—¡No podemos abandonarle! ¡Déjame volver con él!
—No es decisión mía -replicó Kenji-. Y aunque lo fuera, ahora no podría hacerlo, Iida sabe que perteneces a los Ocultos y te entregaría a Ando, como prometió. Sin duda, Shigeru tendría una muerte rápida y honorable, propia de un guerrero; sin embargo, tú serías torturado, y ya sabes cómo.
Yo permanecí en silencio. Me dolía la cabeza, y un insoportable sentimiento de fracaso me envolvía. Me habían dirigido como quien arroja una lanza hacia un blanco. La mano que me sujetaba me había soltado, y yo había caído, inservible, sobre la tierra.
—Ríndete, Takeo -dijo Kenji, al tiempo que me miraba a los ojos-. Todo ha terminado.
Yo asentí lentamente. Sería mejor que fingiera estar de acuerdo.
—Tengo mucha sed.
—Haré un poco de té: te ayudará a dormir. ¿Quieres comer algo?
—No. ¿Puedes desatarme?
—Esta noche, no.
Pensé en esta respuesta mientras me dormía y me volvía a despertar, intentando encontrar una posición cómoda en la que estar tumbado con las manos y los pies atados. Llegué a la conclusión de que Kenji creía que yo podría escapar una vez que me liberara de las ataduras, y si mi maestro pensaba que lo lograría, lo más probable es que fuera verdad. Ése era el único consuelo que tenía, aunque no me duró mucho tiempo.

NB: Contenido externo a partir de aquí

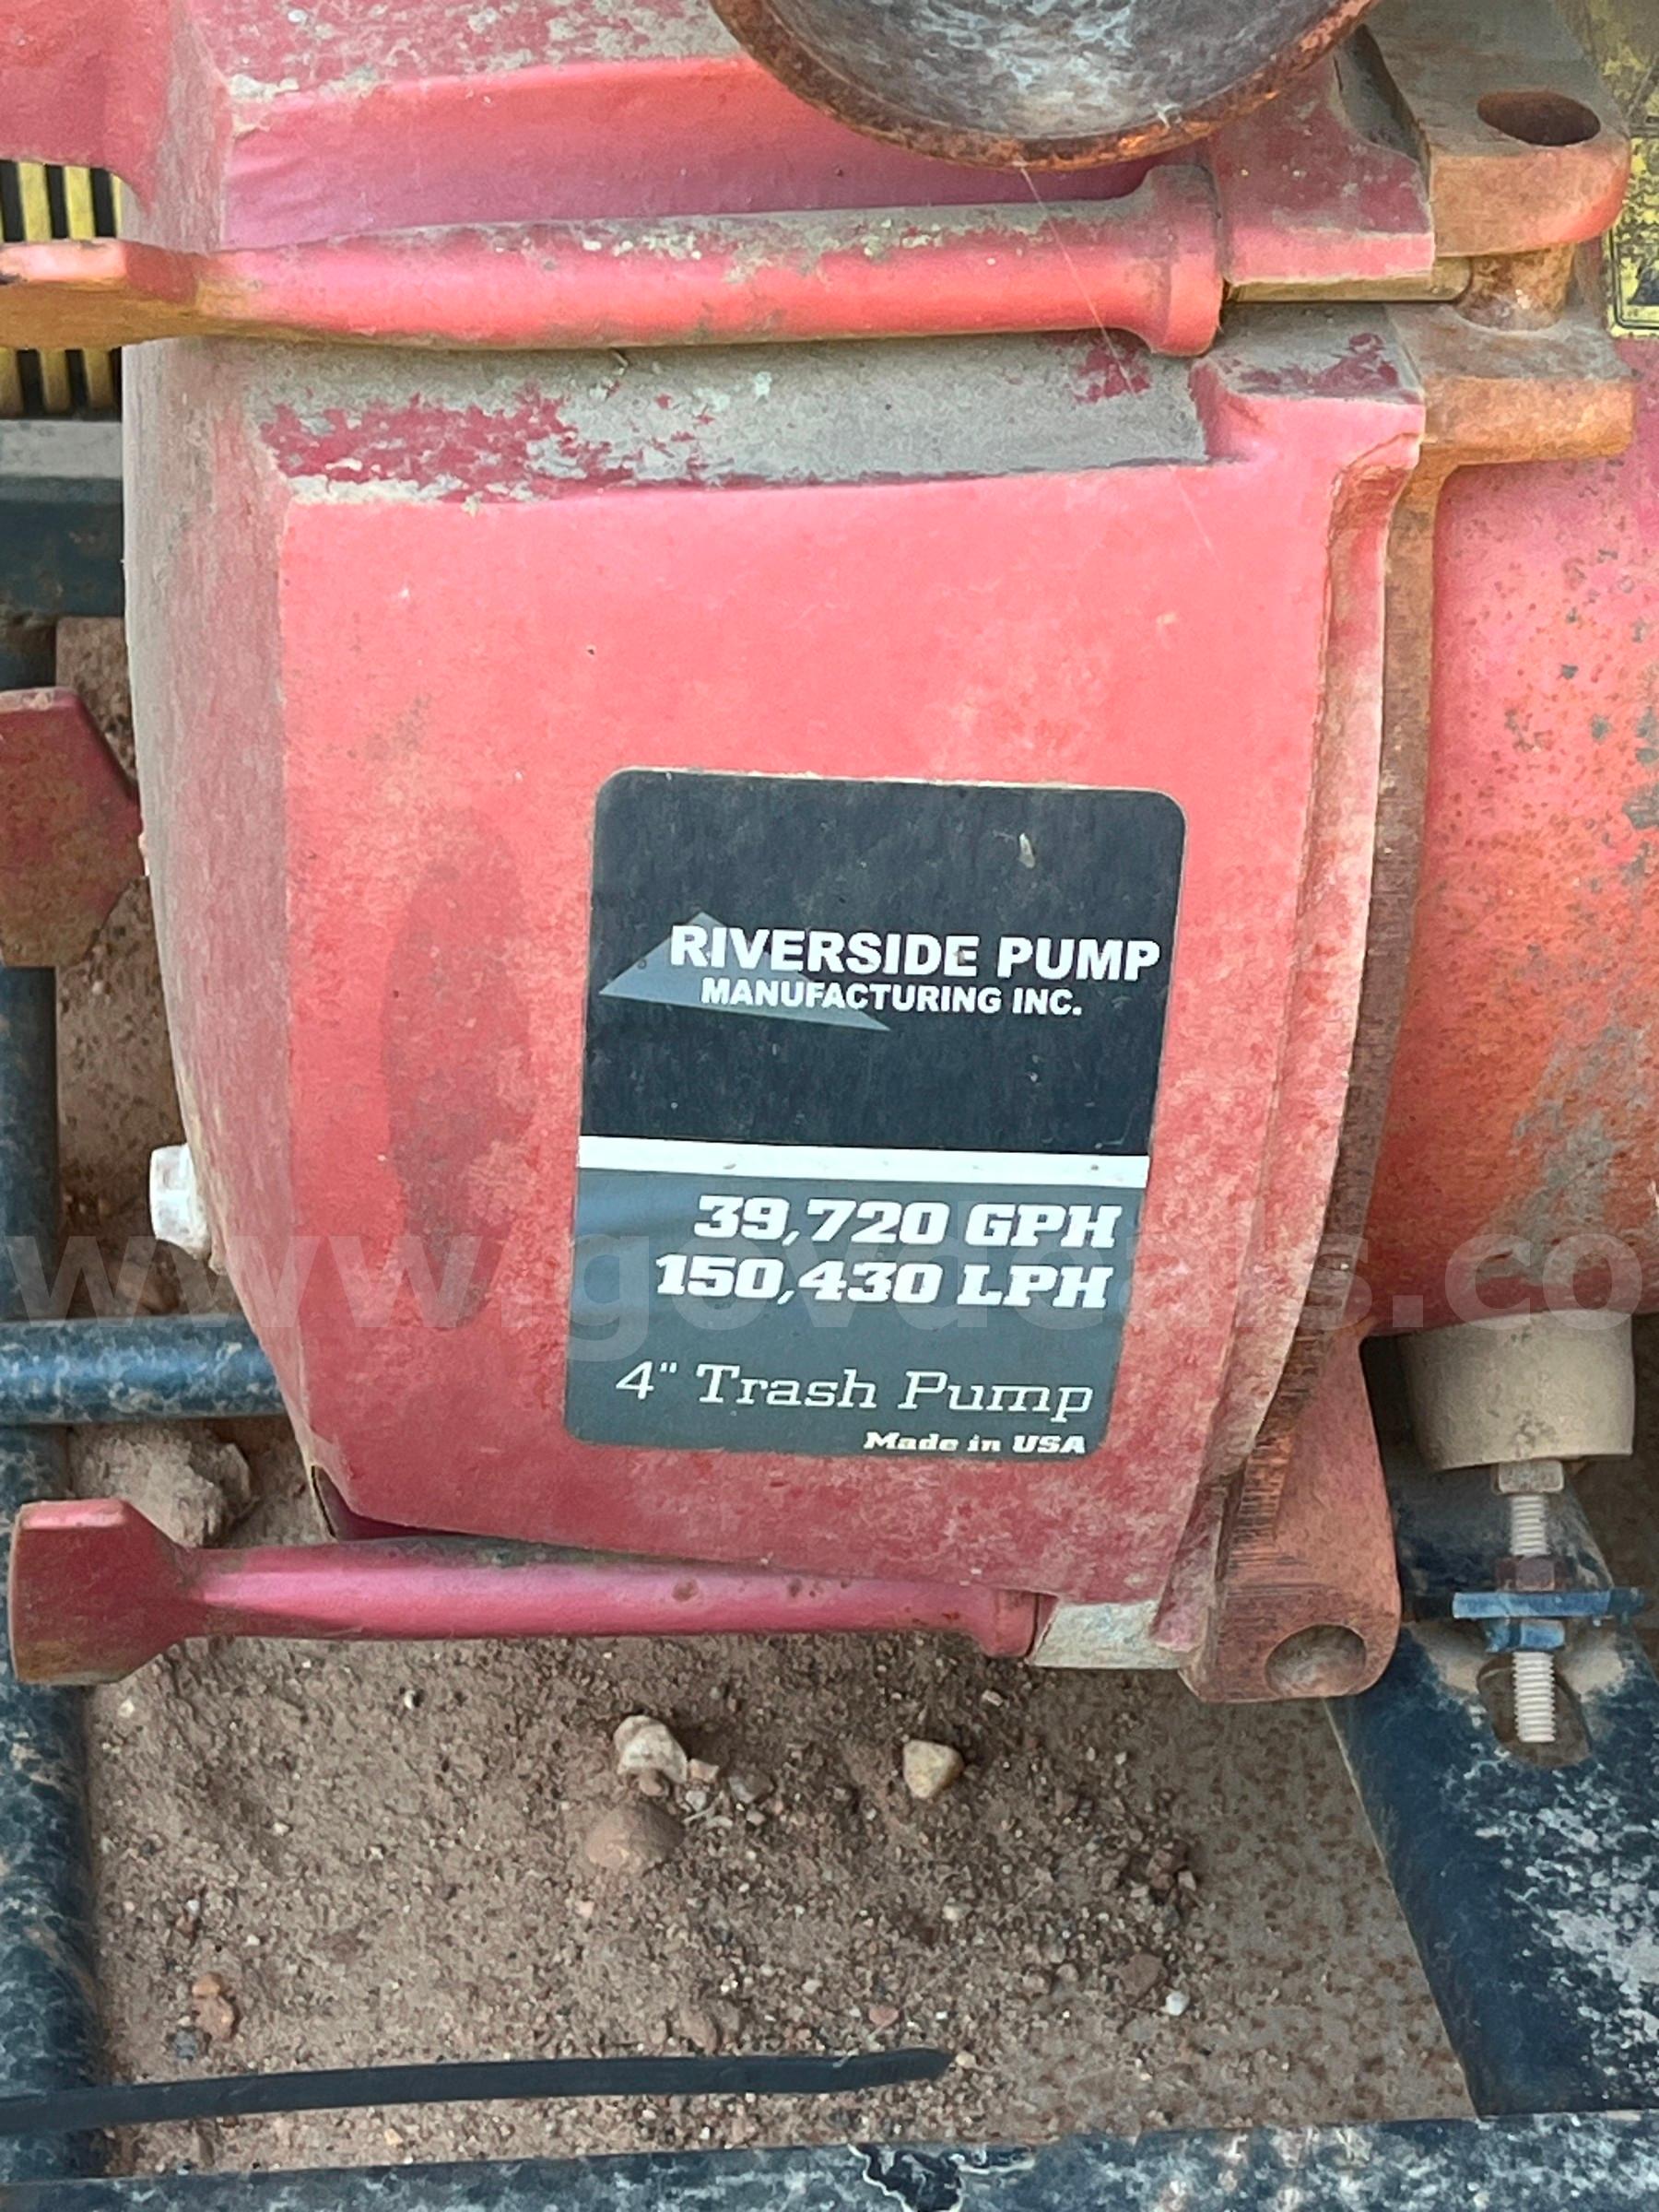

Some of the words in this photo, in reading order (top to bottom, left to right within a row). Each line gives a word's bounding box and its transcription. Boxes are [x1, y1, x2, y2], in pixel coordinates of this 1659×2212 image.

Empezó a llover un poco antes de que amaneciera. Pude oír cómo se llenaban los desagües y cómo goteaban los aleros. Después, los gallos empezaron a cantar y la ciudad se despertó. Escuché a los criados de la casa, que se estaban levantando, y olí el humo cuando se empezaron a encender los fuegos en la cocina. Oí las voces y las pisadas de la servidumbre, y las conté, al tiempo que imaginaba la disposición de la casa, el lugar de la calle en el que se encontraba y lo que había al otro lado. Por los olores y los sonidos, supuse que me hallaba oculto en una bodega, en una de las casas grandes de los mercaderes situadas en las afueras de la ciudad. La habitación en la que me encontraba no tenía ventanas exteriores, era tan estrecha como una anguila y permanecía oscura incluso tras la salida del sol.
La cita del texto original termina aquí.